▸ **ASSIGNED TASK**:
Below are records to reproduce in full; copy them exactly but keep the pictures out.

▸ **DATASET ENTRIES**:
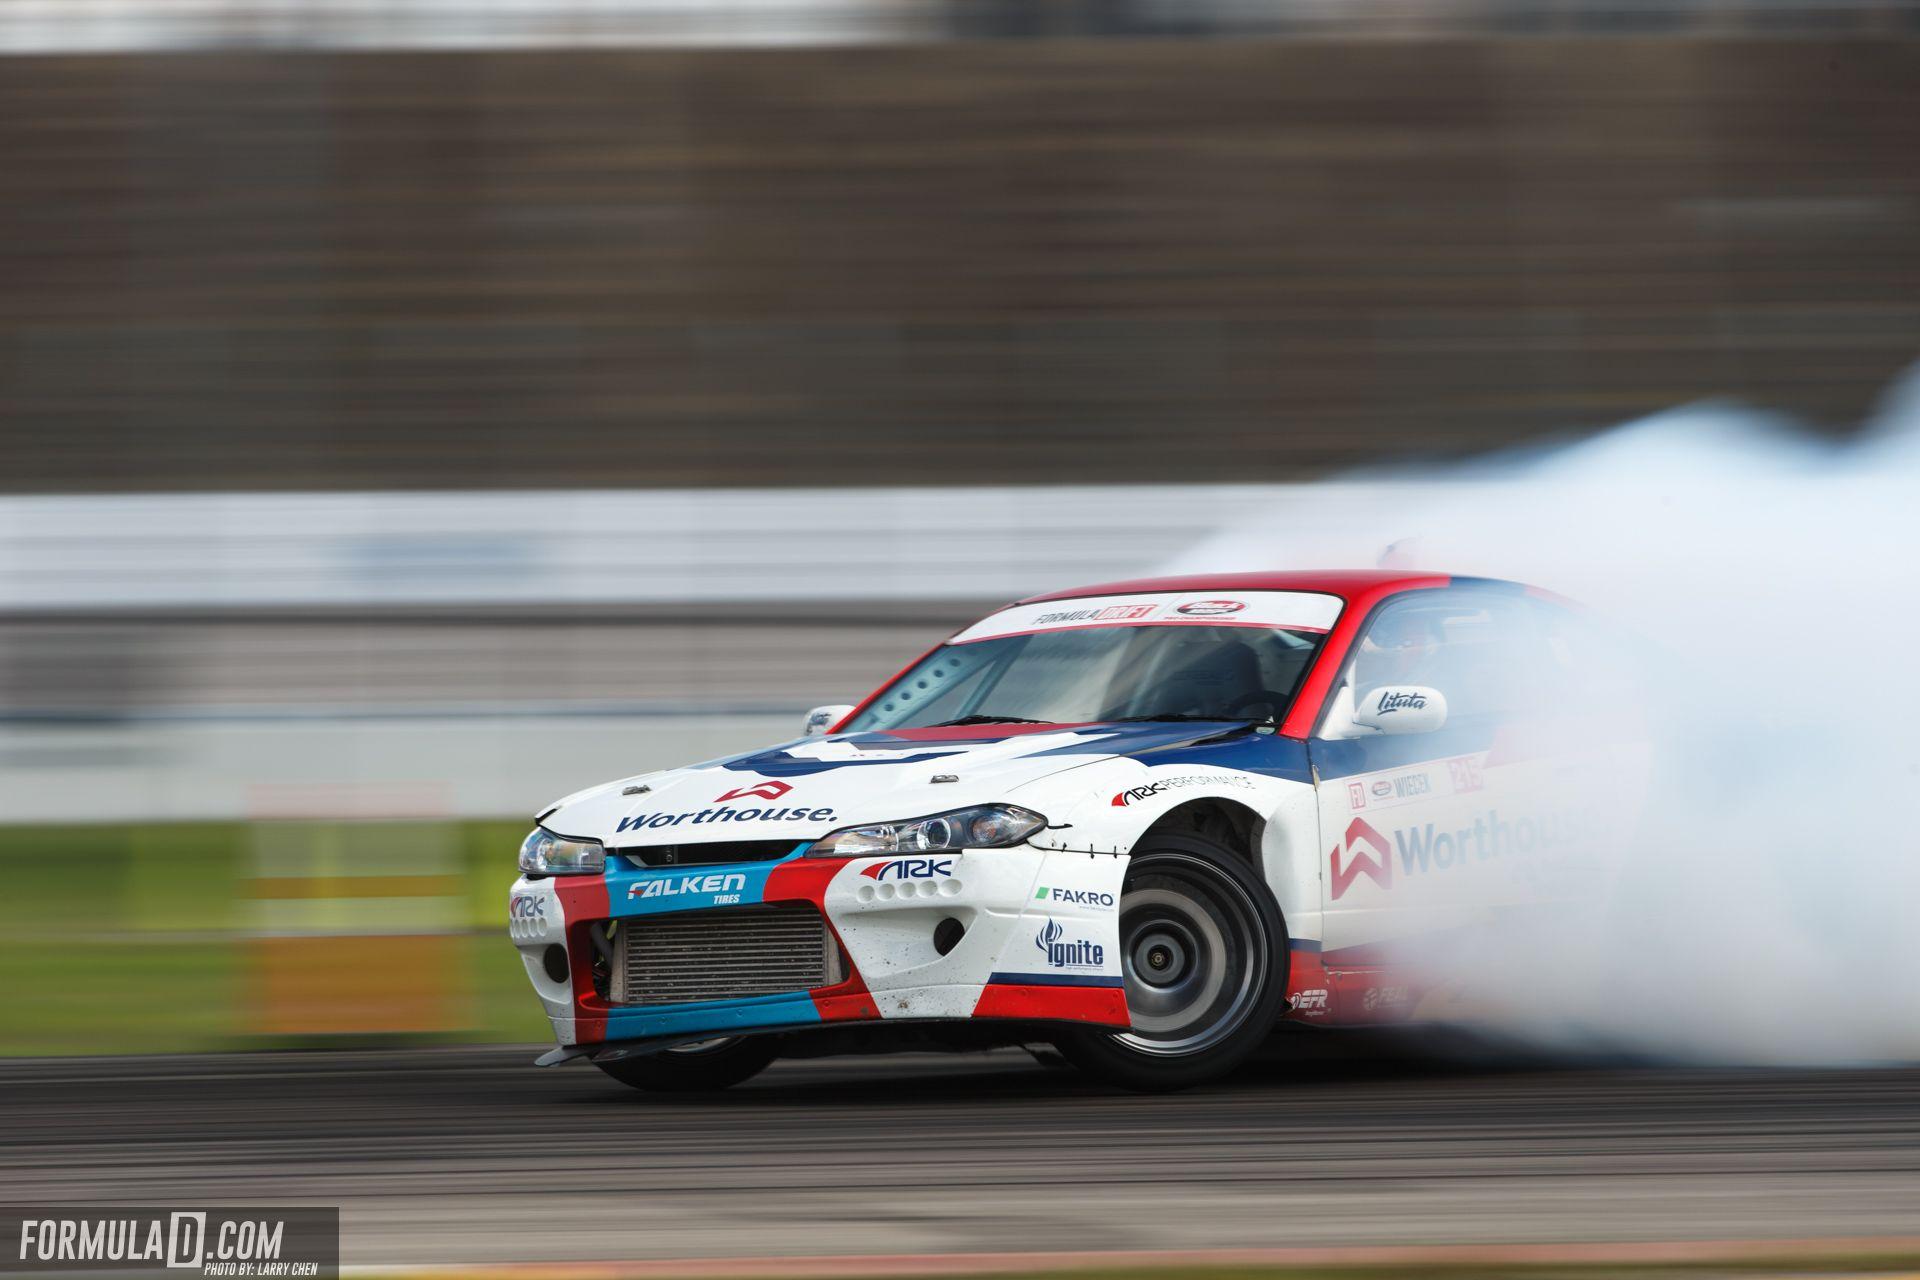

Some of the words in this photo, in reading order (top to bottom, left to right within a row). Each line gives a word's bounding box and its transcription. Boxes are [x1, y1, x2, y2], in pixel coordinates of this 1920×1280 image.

[616, 806, 839, 833] Worthouse.
[860, 859, 953, 881] ARK
[627, 873, 746, 900] FALKEN
[1052, 888, 1115, 907] FAKRO
[713, 893, 741, 905] TIRES
[1048, 938, 1104, 968] ignite
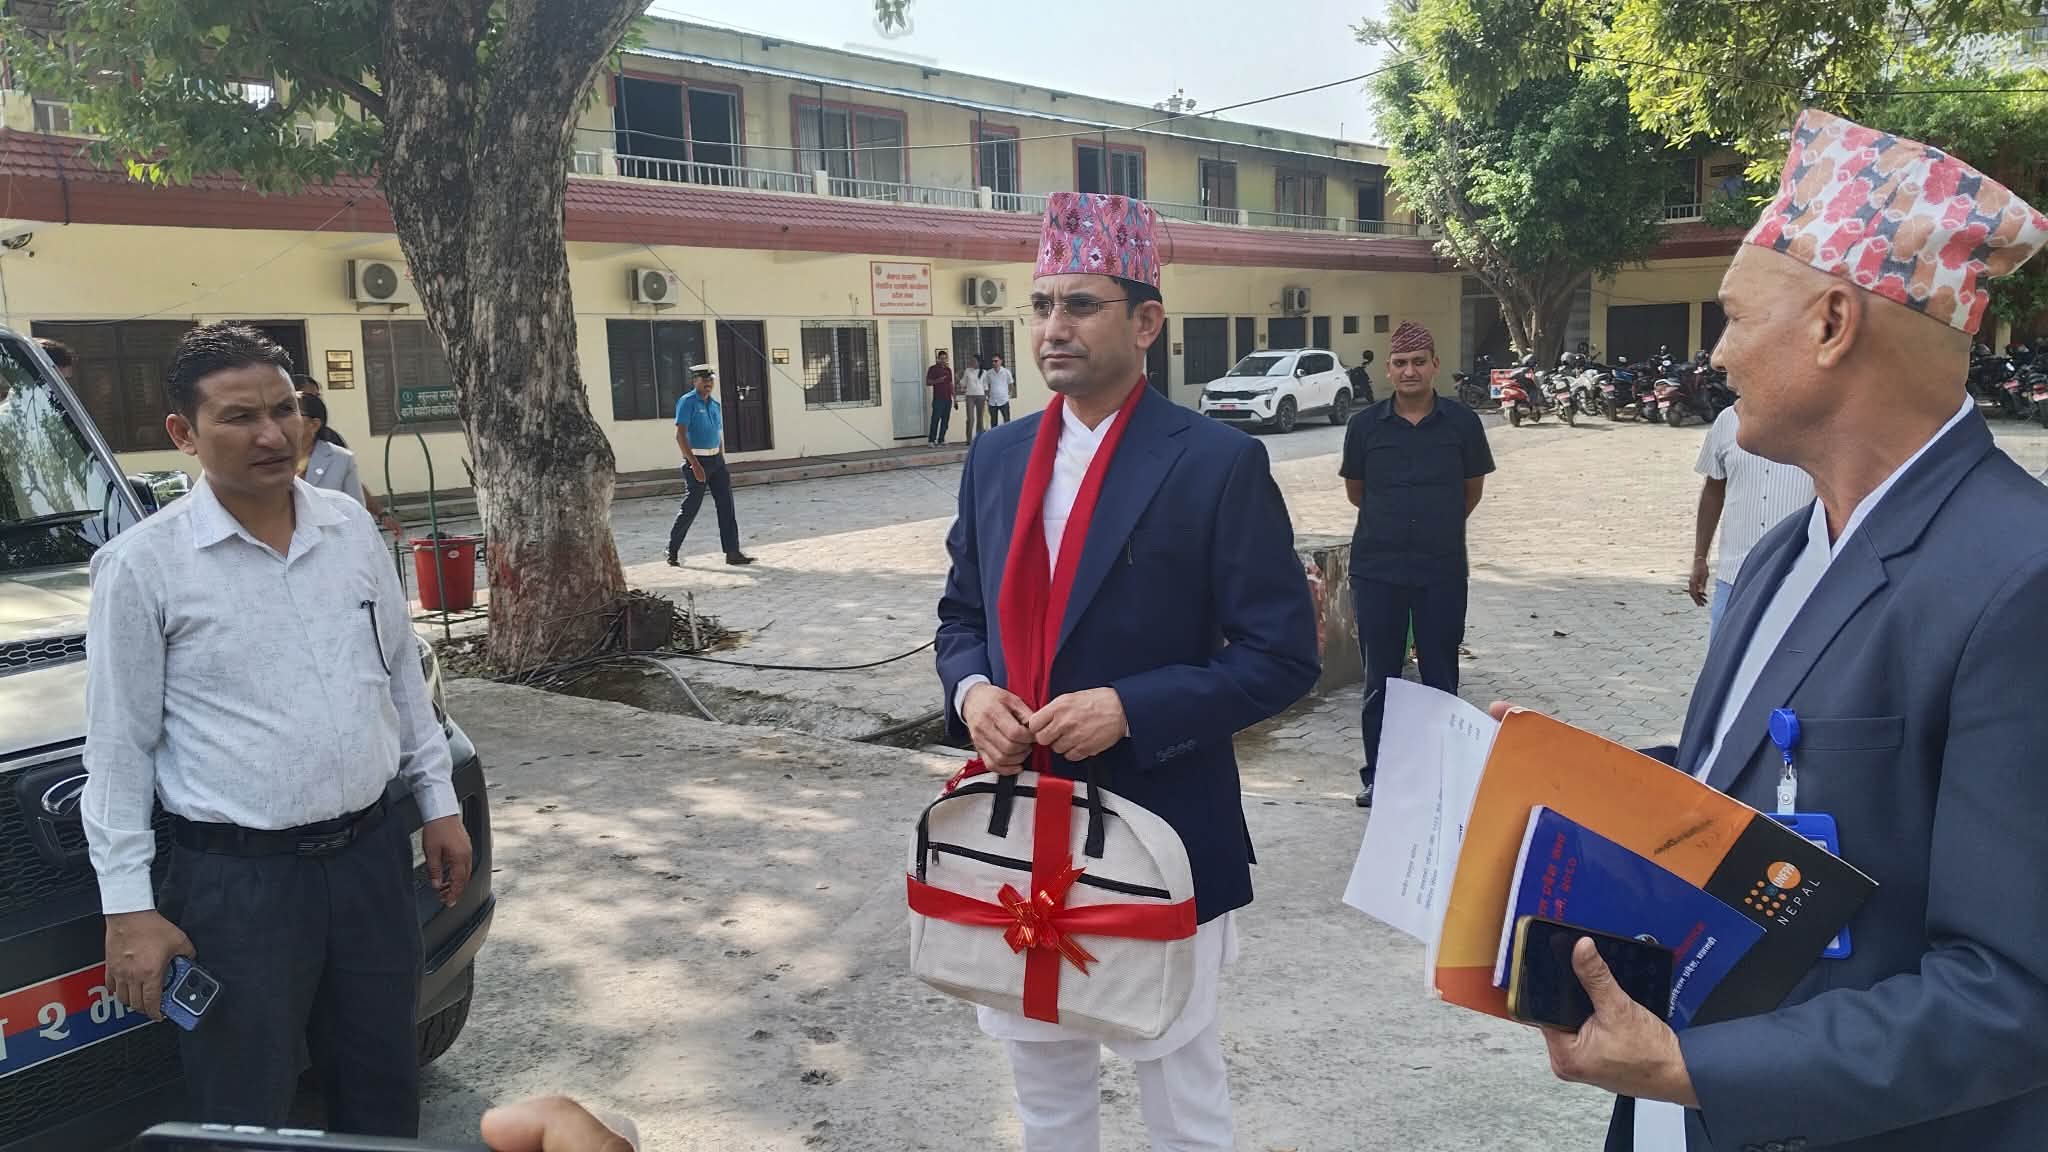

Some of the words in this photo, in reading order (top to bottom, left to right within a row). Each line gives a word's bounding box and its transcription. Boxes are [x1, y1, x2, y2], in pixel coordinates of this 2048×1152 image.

▸ **ANSWER BOX**:
Some of the words in this photo, in reading order (top to bottom, left to right within a row). Each line gives a word's bounding box and its transcription. Boxes are [x1, y1, x2, y2], in pixel coordinates of this 1920×1280 image.

[616, 806, 839, 833] Worthouse.
[860, 859, 953, 881] ARK
[627, 873, 746, 900] FALKEN
[1052, 888, 1115, 907] FAKRO
[713, 893, 741, 905] TIRES
[1048, 938, 1104, 968] ignite

Some of the words in this photo, in reading order (top to bottom, left to right within a row). Each line gives a word's bounding box and its transcription. Boxes are [x1, y1, x2, y2], in pixel coordinates of this 2048×1152 image.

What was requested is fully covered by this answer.